24 - 25 January 1868

This barque had been built at Bath in the American state of Maine in 1865 and was of 728 tons register.

The vessel sailed from New Orleans on 19 December 1867 bound for Liverpool with a cargo of up to two thousand bales of cotton, wooden staves and oil cake. She had a crew of 12 and 3 passengers - two women and a young boy.

It was not unusual for vessels sailing up the Irish Sea to end up in Cardigan Bay.

The Wapella may have struck St Patrick's Causeway on the evening of Friday 24 January 1868. A north west gale was blowing and her master had no idea where they were. At about 10 p.m. the barque ran aground about a mile from Dyffryn which is about five miles north of Barmouth. At eight on Saturday morning the crew launched her three lifeboats and all got aboard and lay near the stern of the boat to await daylight. At about 9 a.m. the craft left the ship and made their way ashore but all three were capsized by the surf. Three men from Dyffryn went into the surf and saved four people - two were members of the crew and the others were a woman passenger and the young boy.

Captain Isaac Lincoln Orr, the master of the Wapella, the mate, Edward A. Johnson, and eight members of the crew were drowned.

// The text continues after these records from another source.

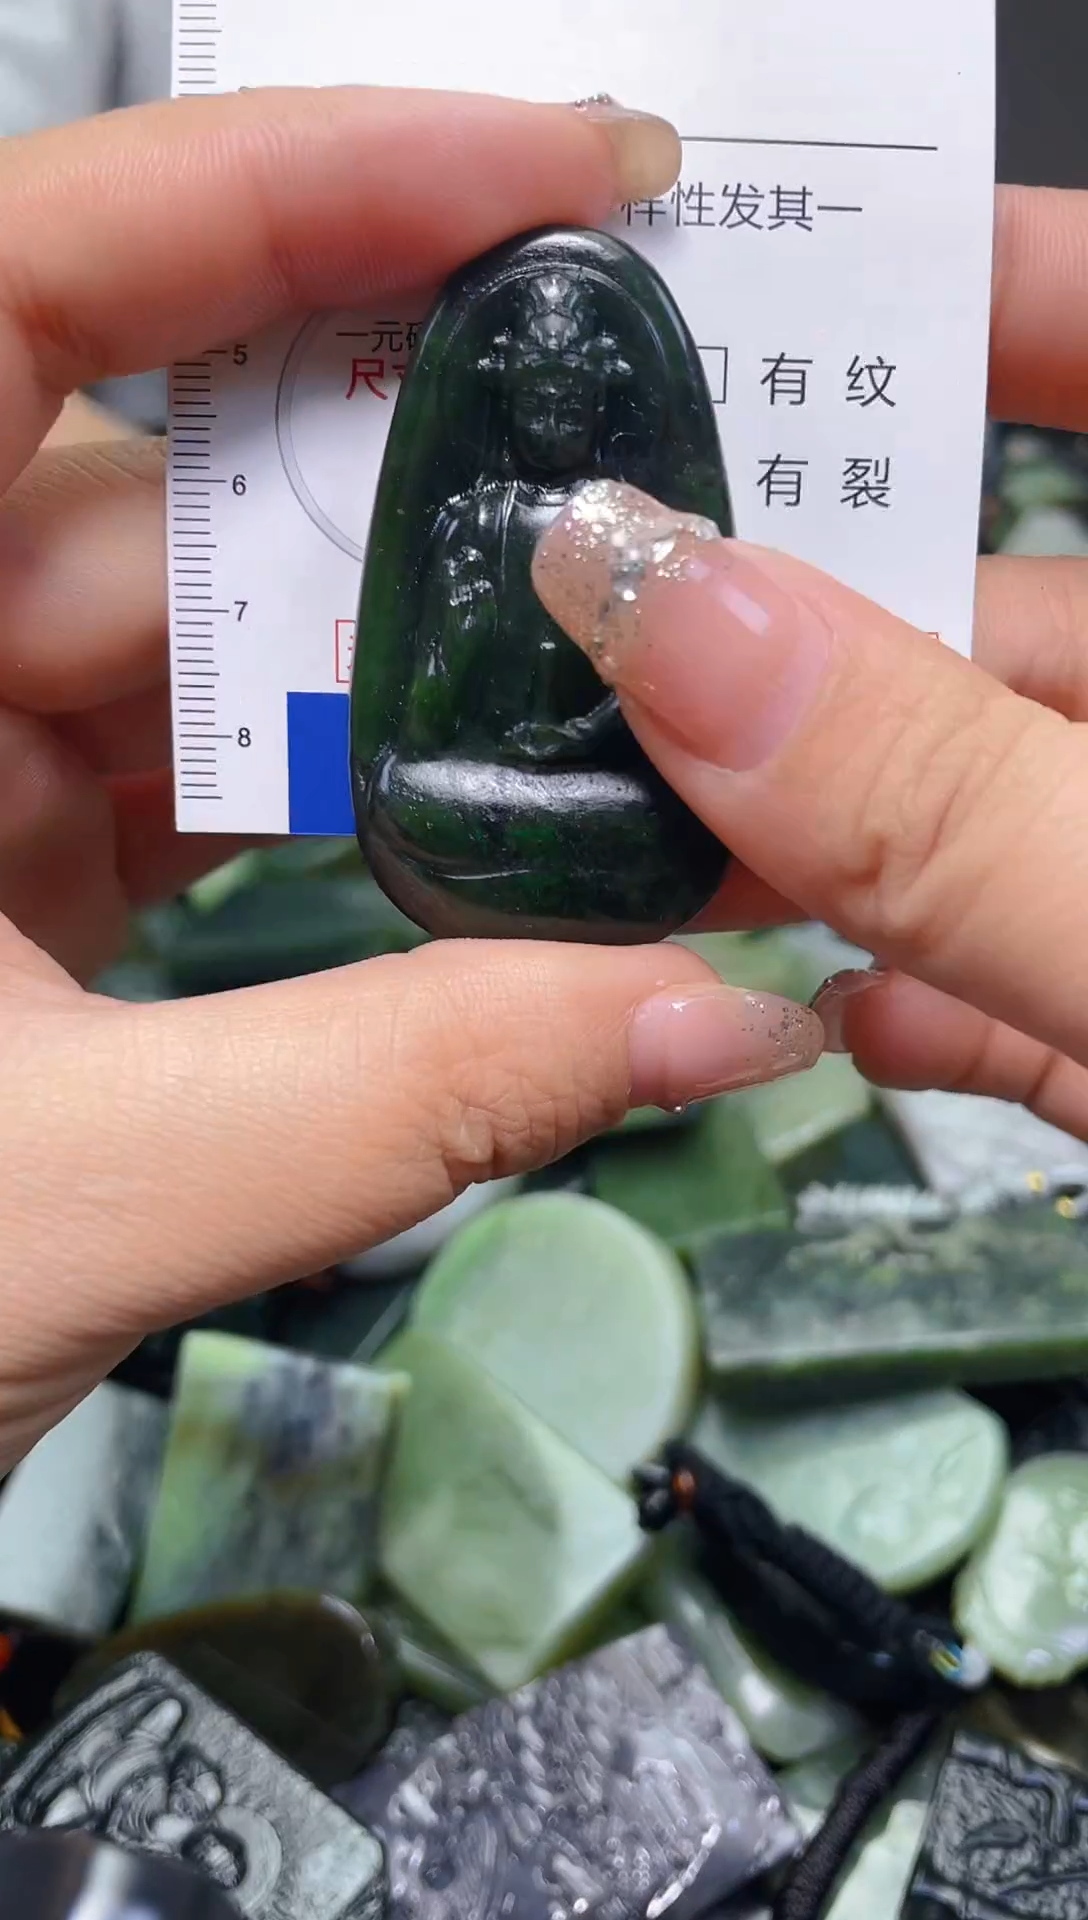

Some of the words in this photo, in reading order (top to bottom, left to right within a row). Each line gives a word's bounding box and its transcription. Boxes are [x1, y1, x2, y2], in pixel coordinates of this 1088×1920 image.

[232, 344, 248, 366] 5
[345, 358, 406, 400] 尺
[232, 474, 247, 496] 6
[234, 601, 249, 622] 7
[237, 727, 252, 748] 8

One woman passenger, named as Eleanor Watkins a native of Beaumaris, was also lost.

Recently Dr Glen Jenkins was conducting family history research in the Burial Register of St Dwywe church at Llanddwywe which in 1868 was in the county of Merionethshire. He found the following which Rev William Jones, Rector of the parish had written, and very kindly sent it to me:

"On the night of 24th January 1868 a large barque called Wapella, of Bath in America, having missed her course struck on the causeway, and came on shore about 12 o'clock at night. She would have been nearly dry at 2 or 3 o'clock; but at 9 a.m. the crew of 15 in number attempted to land in the boats, but they were upset at once. Eleven in all were drowned and four were saved. The vessel held out a full week before she broke up and all might have been saved had they remained on board. The ship had come from New Orleans loaded with cotton.

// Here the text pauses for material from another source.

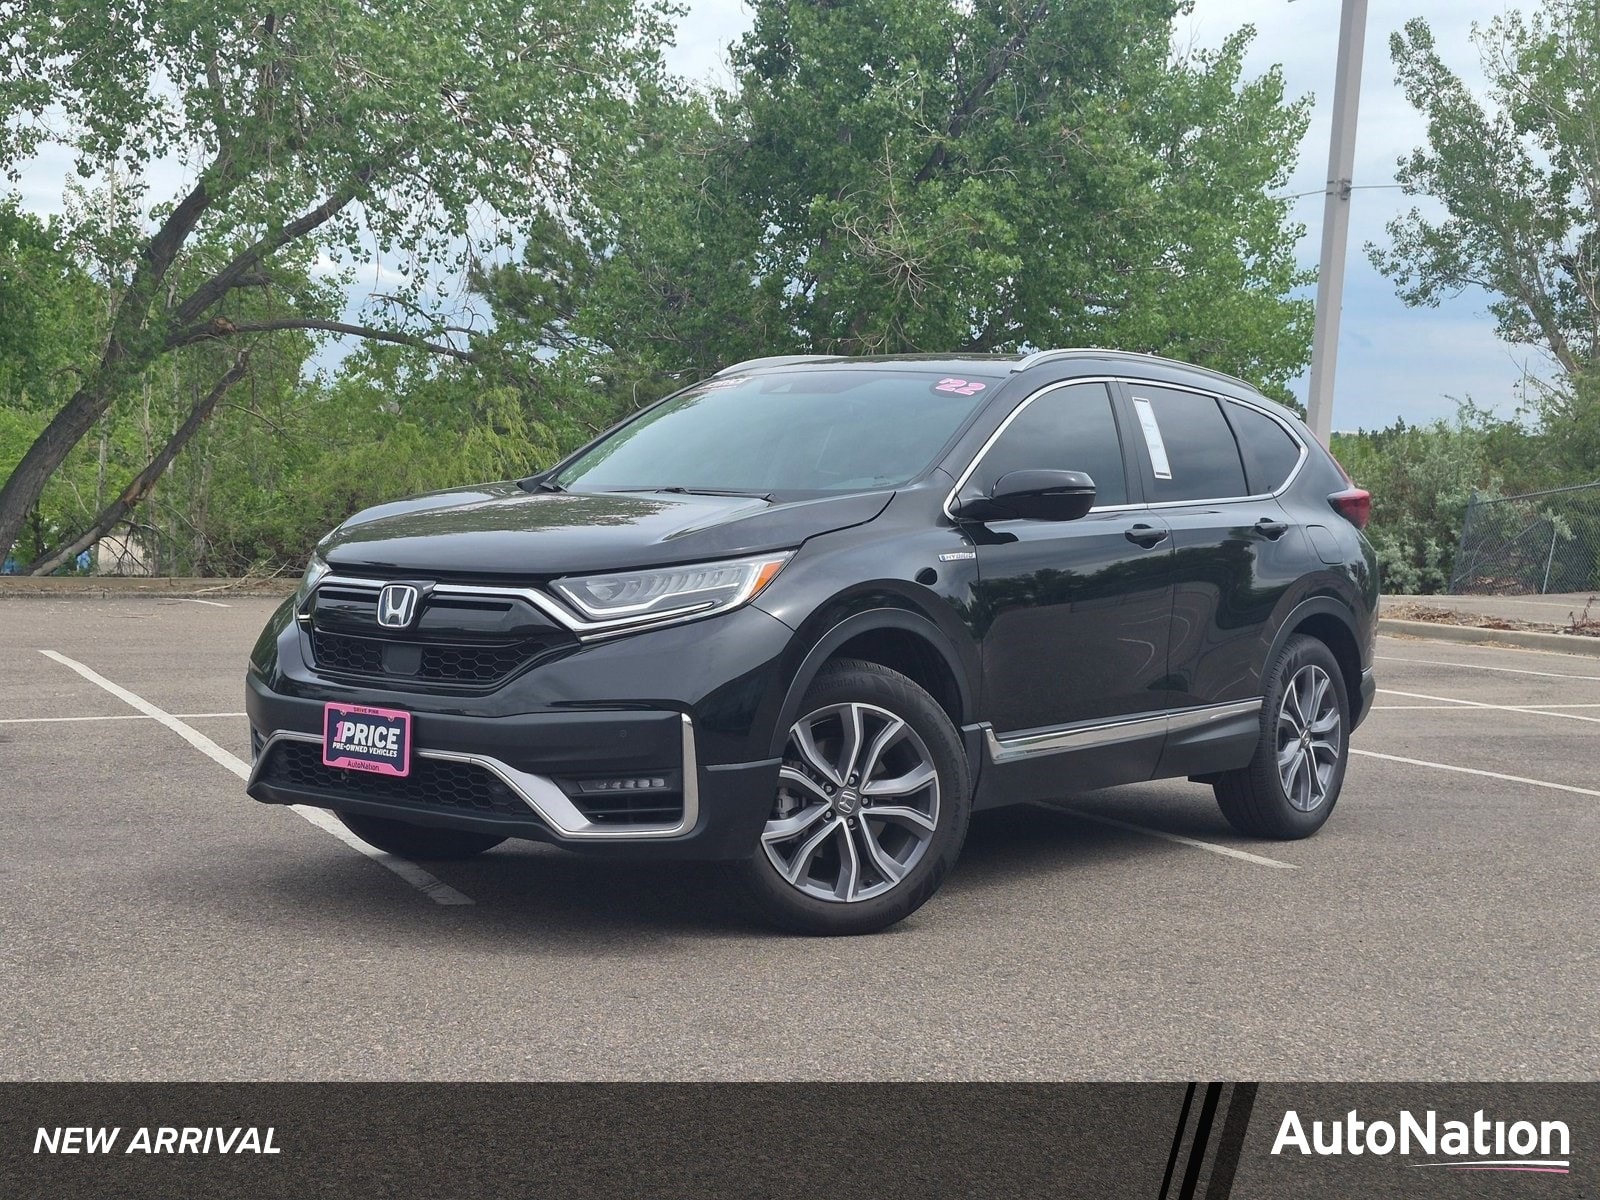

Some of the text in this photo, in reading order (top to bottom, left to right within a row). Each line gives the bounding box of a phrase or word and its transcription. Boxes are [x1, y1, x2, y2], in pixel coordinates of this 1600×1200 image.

[332, 742, 398, 758] PRE-OWNED VEHICLES
[347, 760, 380, 772] AutoNation

Bodies were found on shore 2nd February and buried on 5 February 1868. Capt was Isaac Lincoln Orr. The body of the Capt was disinterred and sent to America on 25 January 1870."

When the woman passenger was brought ashore she was in a very poor condition. John Jones and Robert James of Dyffryn spent two hours with her by which time she had recovered.

The RNLI at its meeting held in London on 2 April 1868 voted £4 to the three men who went into the sea to rescue the four survivors.

The ship was sold by auction held on the beach at Dyffryn on 11 February and a number of sales of those bales of cotton which had been recovered were held at Liverpool in March.